● **Available data**
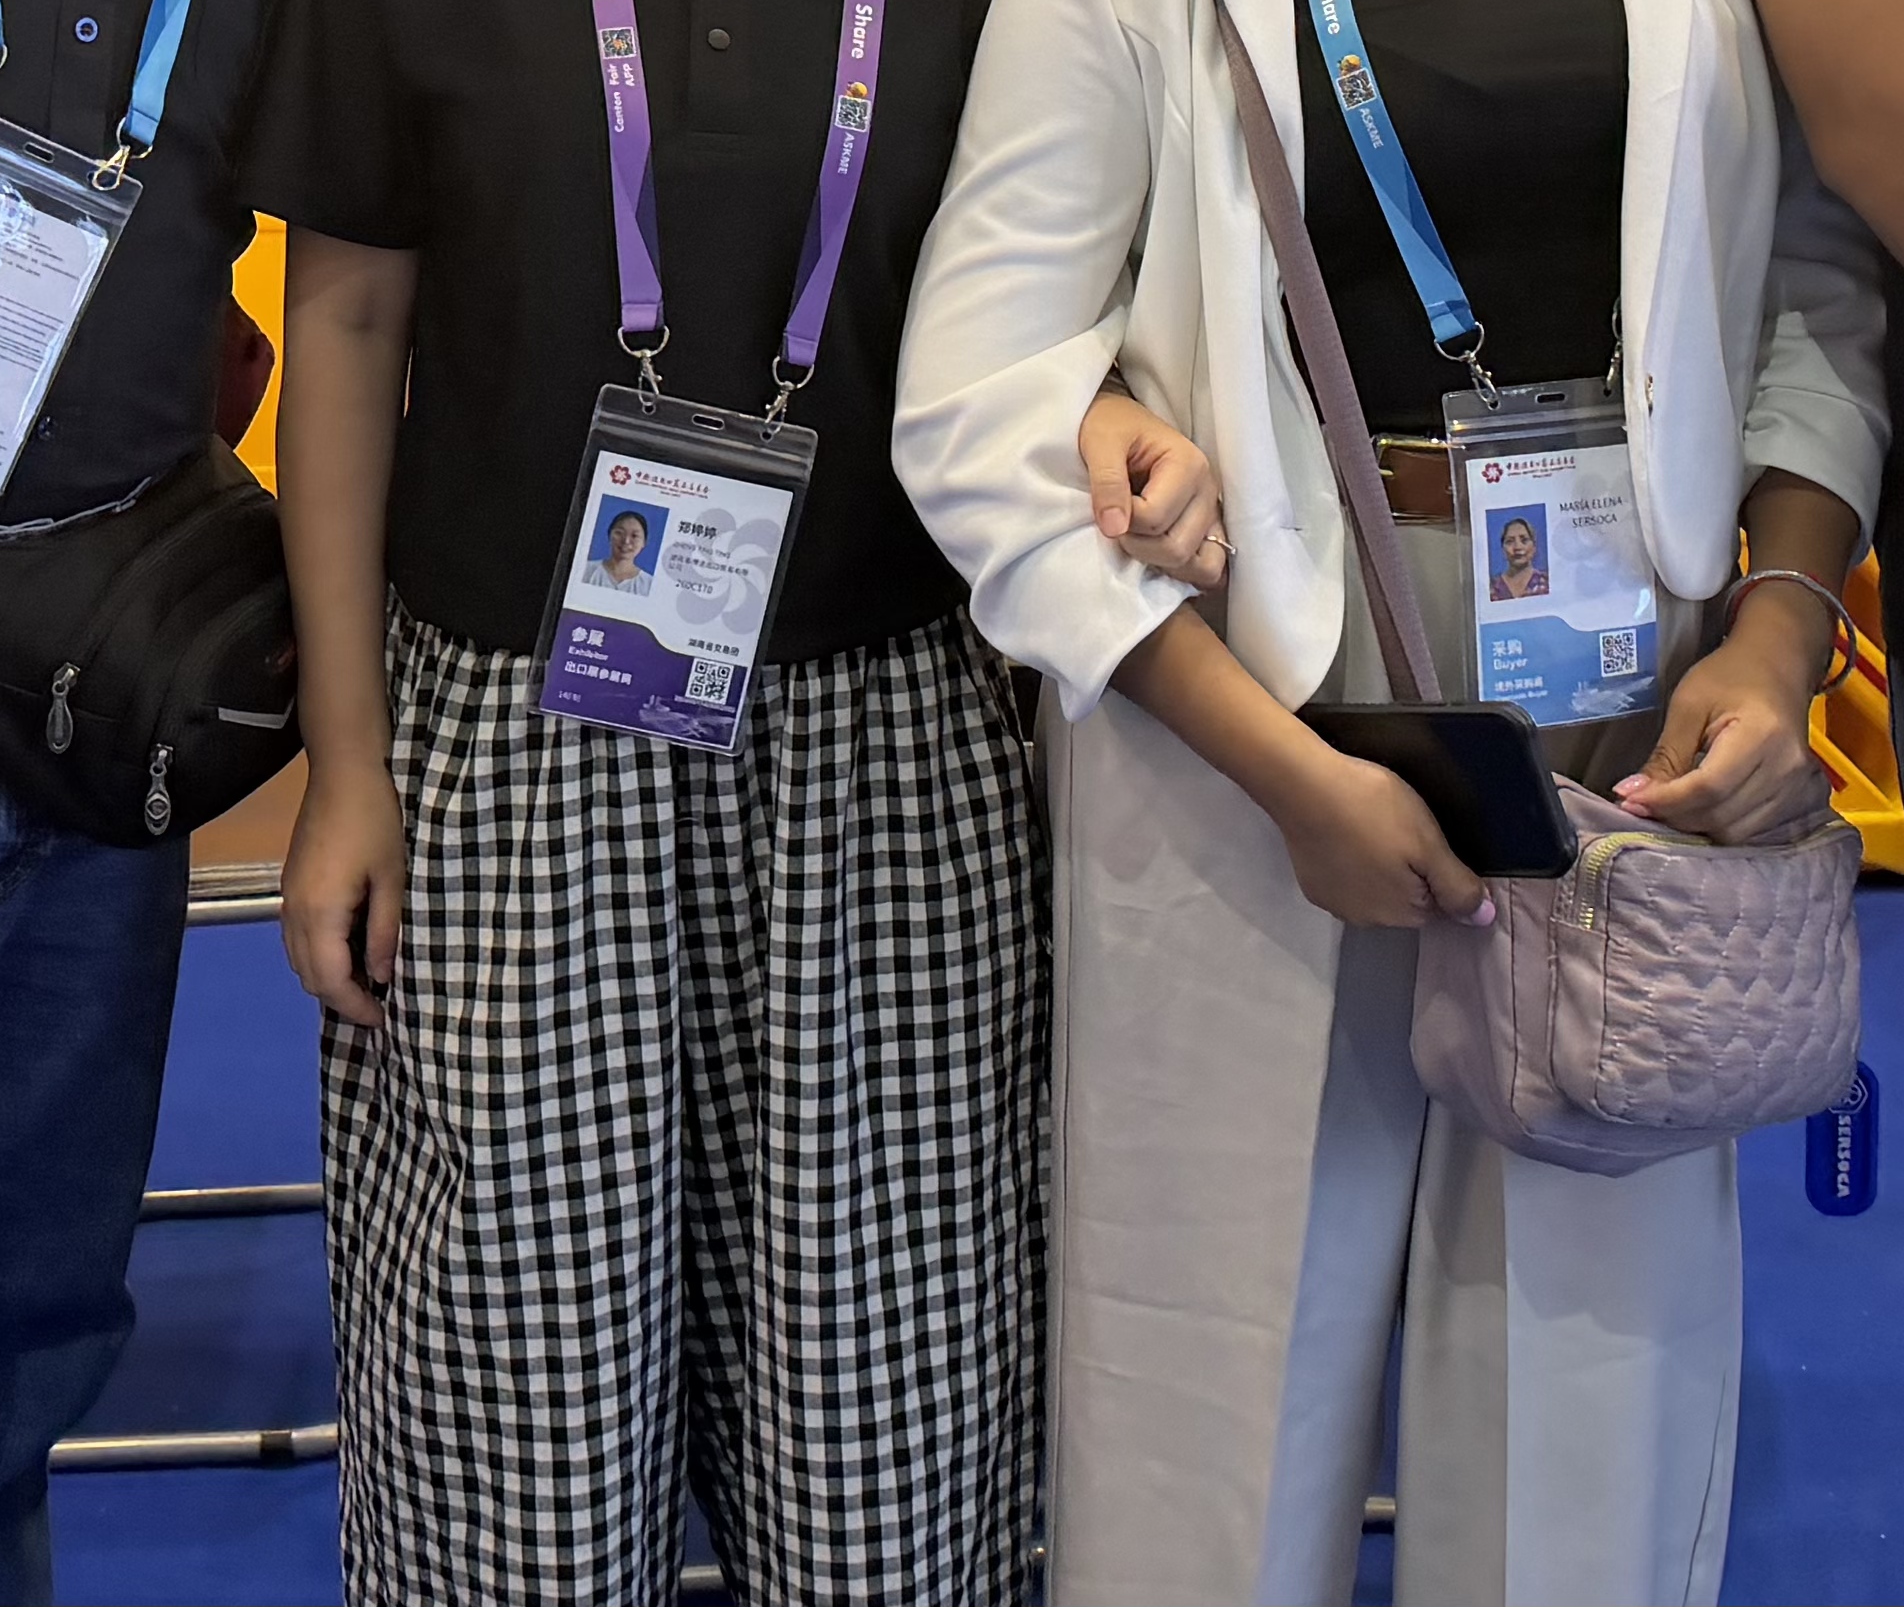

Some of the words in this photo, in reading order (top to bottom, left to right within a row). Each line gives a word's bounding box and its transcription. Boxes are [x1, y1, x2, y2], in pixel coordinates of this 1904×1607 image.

[850, 3, 874, 60] Share
[608, 63, 620, 87] Fair
[622, 63, 636, 87] APP
[613, 91, 625, 134] Canton
[1837, 1114, 1852, 1199] SERSOCA
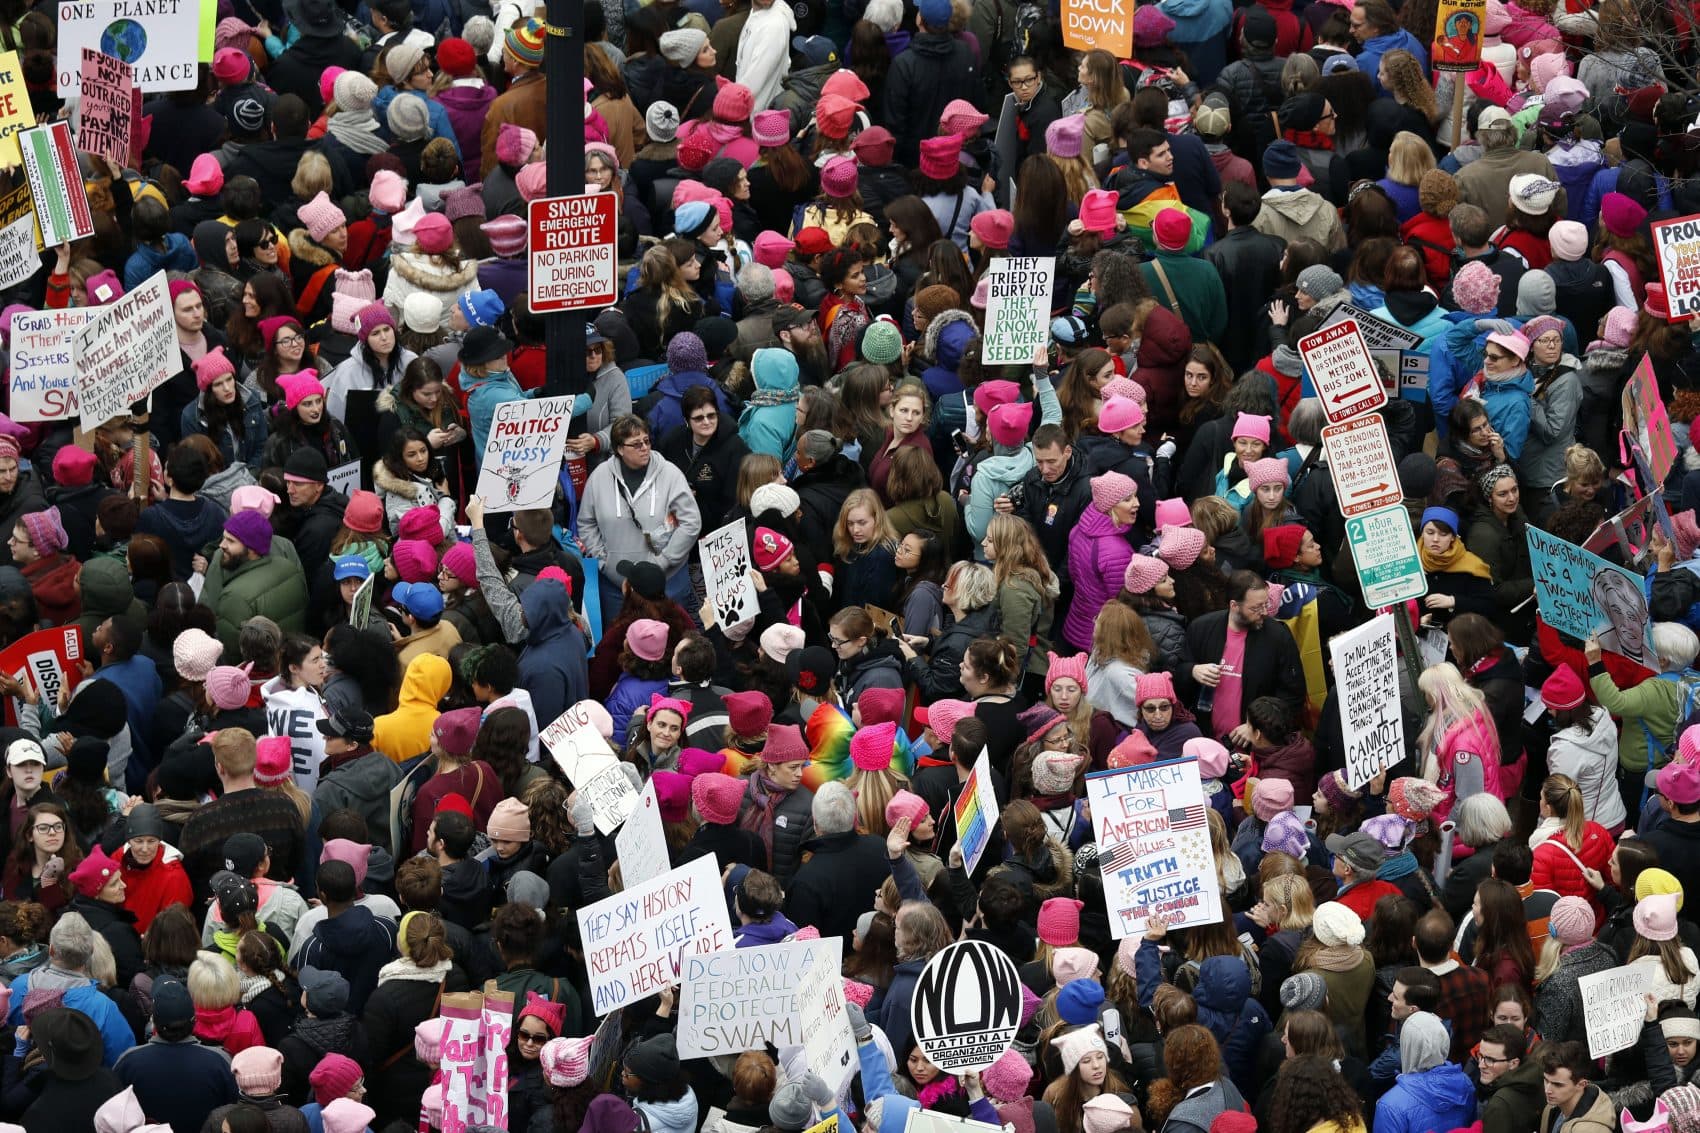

● **Directions**
Give back the full data exactly as it reads, but drop the pictures.

● **Exercise answer**
Some of the words in this photo, in reading order (top to bottom, left to right within a row). Each line gives a word's bounding box and its transcription. Boxes are [x1, y1, x2, y2], in pixel coordinates of this 1904×1607 image.

[850, 3, 874, 60] Share
[608, 63, 620, 87] Fair
[622, 63, 636, 87] APP
[613, 91, 625, 134] Canton
[1837, 1114, 1852, 1199] SERSOCA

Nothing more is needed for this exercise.